Boessen will succeed Kevin Rauckman, who has served as CFO and treasurer of Garmin since 1999. Rauckman, who has chosen to pursue interests outside of Garmin, will remain at the company throughout 2014, working closely with Boessen to ensure a seamless transition.

 

About Garmin Ltd.


Through its operating subsidiaries, Garmin Ltd. designs and manufactures navigation, communication and information electronics. Garmin is a leader in the general aviation and consumer GPS markets and its products serve aviation, marine, outdoor, fitness, automotive, mobile and OEM applications.
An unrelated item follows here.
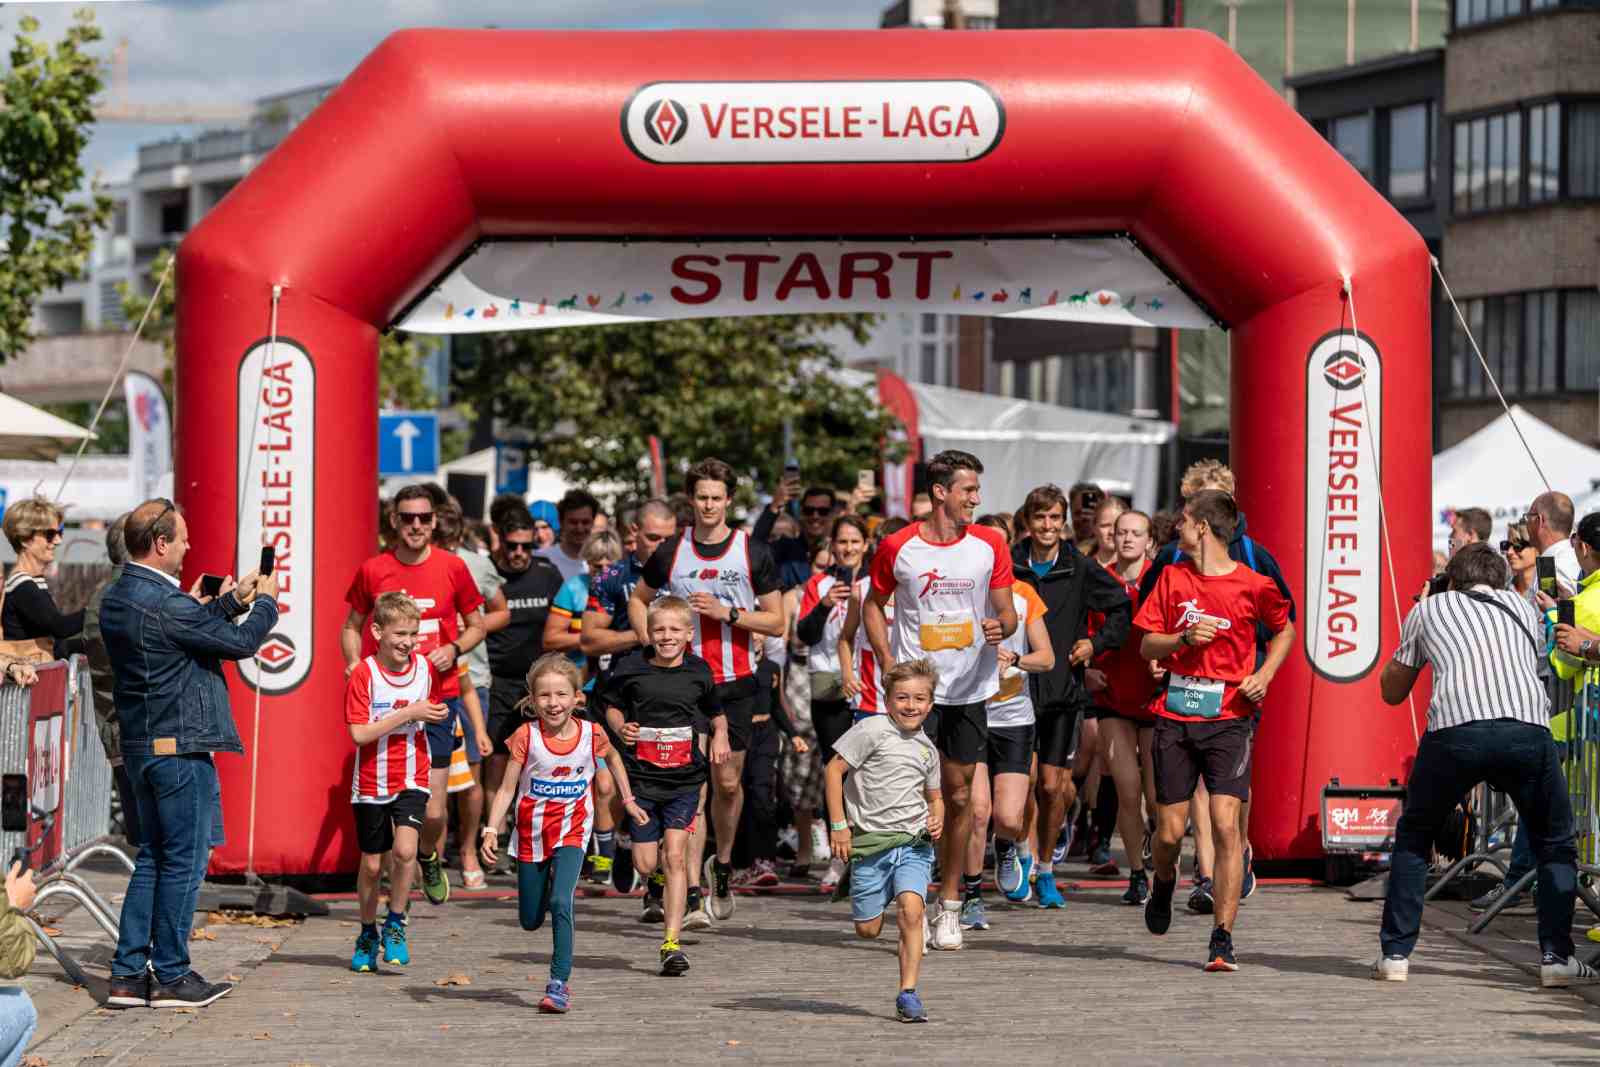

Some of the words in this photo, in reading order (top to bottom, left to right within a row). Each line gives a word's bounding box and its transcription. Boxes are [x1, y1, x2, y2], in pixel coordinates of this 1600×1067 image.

Garmin Ltd. is incorporated in Switzerland, and its principal subsidiaries are located in the United States, Taiwan and the United Kingdom. For more information, visit the Investor Relations site of Garmin Ltd. at www.garmin.com or contact the Investor Relations department at 913-397-8200. Garmin is a registered trademark of Garmin Ltd.

 

All other brands, product names, company names, trademarks and service marks are the properties of their respective owners. All rights reserved.

 

Notice on Forward-Looking Statements:

 

This release includes forward-looking statements regarding Garmin Ltd. and its business. Such statements are based on management’s current expectations.  The forward-looking events and circumstances discussed in this release may not occur and actual results could differ materially as a result of known and unknown risk factors and uncertainties affecting Garmin, including, but not limited to, the risk factors listed in the Annual Report on Form 10-K for the year ended December 28, 2013, filed by Garmin with the Securities and Exchange Commission (Commission file number 0-31983).  A copy of such Form 10-K is available at http://www.garmin.com/aboutGarmin/invRelations/finReports.html.  No forward-looking statement can be guaranteed.  Forward-looking statements speak only as of the date on which they are made and Garmin undertakes no obligation to publicly update or revise any forward-looking statement, whether as a result of new information, future events, or otherwise.